Exercise goal >>
Print out the records precisely, keeping each line identical to its source.

[Stored data entries]
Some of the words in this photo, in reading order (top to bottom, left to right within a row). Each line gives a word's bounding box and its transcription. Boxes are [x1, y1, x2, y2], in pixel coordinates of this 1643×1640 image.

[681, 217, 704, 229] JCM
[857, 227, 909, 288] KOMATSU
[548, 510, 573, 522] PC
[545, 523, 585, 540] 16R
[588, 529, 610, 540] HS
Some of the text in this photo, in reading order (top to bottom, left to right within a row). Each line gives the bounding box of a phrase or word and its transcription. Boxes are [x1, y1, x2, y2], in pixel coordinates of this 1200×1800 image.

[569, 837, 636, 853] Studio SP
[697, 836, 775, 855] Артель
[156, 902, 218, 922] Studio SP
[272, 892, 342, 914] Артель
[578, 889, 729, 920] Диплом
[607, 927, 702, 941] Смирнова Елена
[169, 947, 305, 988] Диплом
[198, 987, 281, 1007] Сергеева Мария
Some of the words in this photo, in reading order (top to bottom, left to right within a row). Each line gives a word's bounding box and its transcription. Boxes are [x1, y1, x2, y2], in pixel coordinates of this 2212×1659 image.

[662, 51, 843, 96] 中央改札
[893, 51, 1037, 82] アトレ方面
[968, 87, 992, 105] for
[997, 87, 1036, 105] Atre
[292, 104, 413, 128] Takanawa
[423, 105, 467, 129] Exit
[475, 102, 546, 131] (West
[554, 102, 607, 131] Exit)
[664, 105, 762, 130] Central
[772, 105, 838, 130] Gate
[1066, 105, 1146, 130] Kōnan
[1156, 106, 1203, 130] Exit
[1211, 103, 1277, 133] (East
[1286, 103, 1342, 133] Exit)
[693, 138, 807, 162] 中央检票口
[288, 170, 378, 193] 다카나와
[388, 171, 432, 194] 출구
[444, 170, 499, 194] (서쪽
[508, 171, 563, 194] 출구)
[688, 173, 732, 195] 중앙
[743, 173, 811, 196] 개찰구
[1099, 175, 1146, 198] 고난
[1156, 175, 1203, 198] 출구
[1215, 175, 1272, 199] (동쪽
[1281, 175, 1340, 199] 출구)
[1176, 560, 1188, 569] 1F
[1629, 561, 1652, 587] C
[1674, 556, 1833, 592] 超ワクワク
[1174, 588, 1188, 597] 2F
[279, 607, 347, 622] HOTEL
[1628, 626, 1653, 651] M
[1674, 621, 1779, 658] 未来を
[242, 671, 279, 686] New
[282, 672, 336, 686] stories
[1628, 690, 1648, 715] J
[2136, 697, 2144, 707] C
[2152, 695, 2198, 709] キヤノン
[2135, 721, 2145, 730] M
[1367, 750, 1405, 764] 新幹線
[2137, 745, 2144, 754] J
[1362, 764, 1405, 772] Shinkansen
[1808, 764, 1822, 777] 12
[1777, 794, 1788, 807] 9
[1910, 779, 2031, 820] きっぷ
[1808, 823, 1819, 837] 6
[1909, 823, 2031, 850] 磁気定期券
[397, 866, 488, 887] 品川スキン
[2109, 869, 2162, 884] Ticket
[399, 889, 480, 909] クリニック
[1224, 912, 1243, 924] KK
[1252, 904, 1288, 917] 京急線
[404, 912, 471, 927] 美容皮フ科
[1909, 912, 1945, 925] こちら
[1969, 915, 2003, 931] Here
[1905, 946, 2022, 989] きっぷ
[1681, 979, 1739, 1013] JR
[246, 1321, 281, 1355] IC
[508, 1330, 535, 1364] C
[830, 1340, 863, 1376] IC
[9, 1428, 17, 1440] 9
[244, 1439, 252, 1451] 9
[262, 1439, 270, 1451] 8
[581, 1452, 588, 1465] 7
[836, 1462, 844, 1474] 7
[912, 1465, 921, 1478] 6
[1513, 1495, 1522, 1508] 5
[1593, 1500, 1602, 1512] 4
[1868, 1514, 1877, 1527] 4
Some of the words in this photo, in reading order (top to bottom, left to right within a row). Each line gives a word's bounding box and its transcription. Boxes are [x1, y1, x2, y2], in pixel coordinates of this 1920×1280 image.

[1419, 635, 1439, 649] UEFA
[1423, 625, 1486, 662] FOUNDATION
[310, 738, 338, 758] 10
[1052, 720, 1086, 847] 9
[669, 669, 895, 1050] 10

Exercise answer >>
Some of the words in this photo, in reading order (top to bottom, left to right within a row). Each line gives a word's bounding box and its transcription. Boxes are [x1, y1, x2, y2], in pixel coordinates of this 1643×1640 image.

[681, 217, 704, 229] JCM
[857, 227, 909, 288] KOMATSU
[548, 510, 573, 522] PC
[545, 523, 585, 540] 16R
[588, 529, 610, 540] HS
Some of the text in this photo, in reading order (top to bottom, left to right within a row). Each line gives the bounding box of a phrase or word and its transcription. Boxes are [x1, y1, x2, y2], in pixel coordinates of this 1200×1800 image.

[569, 837, 636, 853] Studio SP
[697, 836, 775, 855] Артель
[156, 902, 218, 922] Studio SP
[272, 892, 342, 914] Артель
[578, 889, 729, 920] Диплом
[607, 927, 702, 941] Смирнова Елена
[169, 947, 305, 988] Диплом
[198, 987, 281, 1007] Сергеева Мария
Some of the words in this photo, in reading order (top to bottom, left to right within a row). Each line gives a word's bounding box and its transcription. Boxes are [x1, y1, x2, y2], in pixel coordinates of this 2212×1659 image.

[662, 51, 843, 96] 中央改札
[893, 51, 1037, 82] アトレ方面
[968, 87, 992, 105] for
[997, 87, 1036, 105] Atre
[292, 104, 413, 128] Takanawa
[423, 105, 467, 129] Exit
[475, 102, 546, 131] (West
[554, 102, 607, 131] Exit)
[664, 105, 762, 130] Central
[772, 105, 838, 130] Gate
[1066, 105, 1146, 130] Kōnan
[1156, 106, 1203, 130] Exit
[1211, 103, 1277, 133] (East
[1286, 103, 1342, 133] Exit)
[693, 138, 807, 162] 中央检票口
[288, 170, 378, 193] 다카나와
[388, 171, 432, 194] 출구
[444, 170, 499, 194] (서쪽
[508, 171, 563, 194] 출구)
[688, 173, 732, 195] 중앙
[743, 173, 811, 196] 개찰구
[1099, 175, 1146, 198] 고난
[1156, 175, 1203, 198] 출구
[1215, 175, 1272, 199] (동쪽
[1281, 175, 1340, 199] 출구)
[1176, 560, 1188, 569] 1F
[1629, 561, 1652, 587] C
[1674, 556, 1833, 592] 超ワクワク
[1174, 588, 1188, 597] 2F
[279, 607, 347, 622] HOTEL
[1628, 626, 1653, 651] M
[1674, 621, 1779, 658] 未来を
[242, 671, 279, 686] New
[282, 672, 336, 686] stories
[1628, 690, 1648, 715] J
[2136, 697, 2144, 707] C
[2152, 695, 2198, 709] キヤノン
[2135, 721, 2145, 730] M
[1367, 750, 1405, 764] 新幹線
[2137, 745, 2144, 754] J
[1362, 764, 1405, 772] Shinkansen
[1808, 764, 1822, 777] 12
[1777, 794, 1788, 807] 9
[1910, 779, 2031, 820] きっぷ
[1808, 823, 1819, 837] 6
[1909, 823, 2031, 850] 磁気定期券
[397, 866, 488, 887] 品川スキン
[2109, 869, 2162, 884] Ticket
[399, 889, 480, 909] クリニック
[1224, 912, 1243, 924] KK
[1252, 904, 1288, 917] 京急線
[404, 912, 471, 927] 美容皮フ科
[1909, 912, 1945, 925] こちら
[1969, 915, 2003, 931] Here
[1905, 946, 2022, 989] きっぷ
[1681, 979, 1739, 1013] JR
[246, 1321, 281, 1355] IC
[508, 1330, 535, 1364] C
[830, 1340, 863, 1376] IC
[9, 1428, 17, 1440] 9
[244, 1439, 252, 1451] 9
[262, 1439, 270, 1451] 8
[581, 1452, 588, 1465] 7
[836, 1462, 844, 1474] 7
[912, 1465, 921, 1478] 6
[1513, 1495, 1522, 1508] 5
[1593, 1500, 1602, 1512] 4
[1868, 1514, 1877, 1527] 4
Some of the words in this photo, in reading order (top to bottom, left to right within a row). Each line gives a word's bounding box and its transcription. Boxes are [x1, y1, x2, y2], in pixel coordinates of this 1920×1280 image.

[1419, 635, 1439, 649] UEFA
[1423, 625, 1486, 662] FOUNDATION
[310, 738, 338, 758] 10
[1052, 720, 1086, 847] 9
[669, 669, 895, 1050] 10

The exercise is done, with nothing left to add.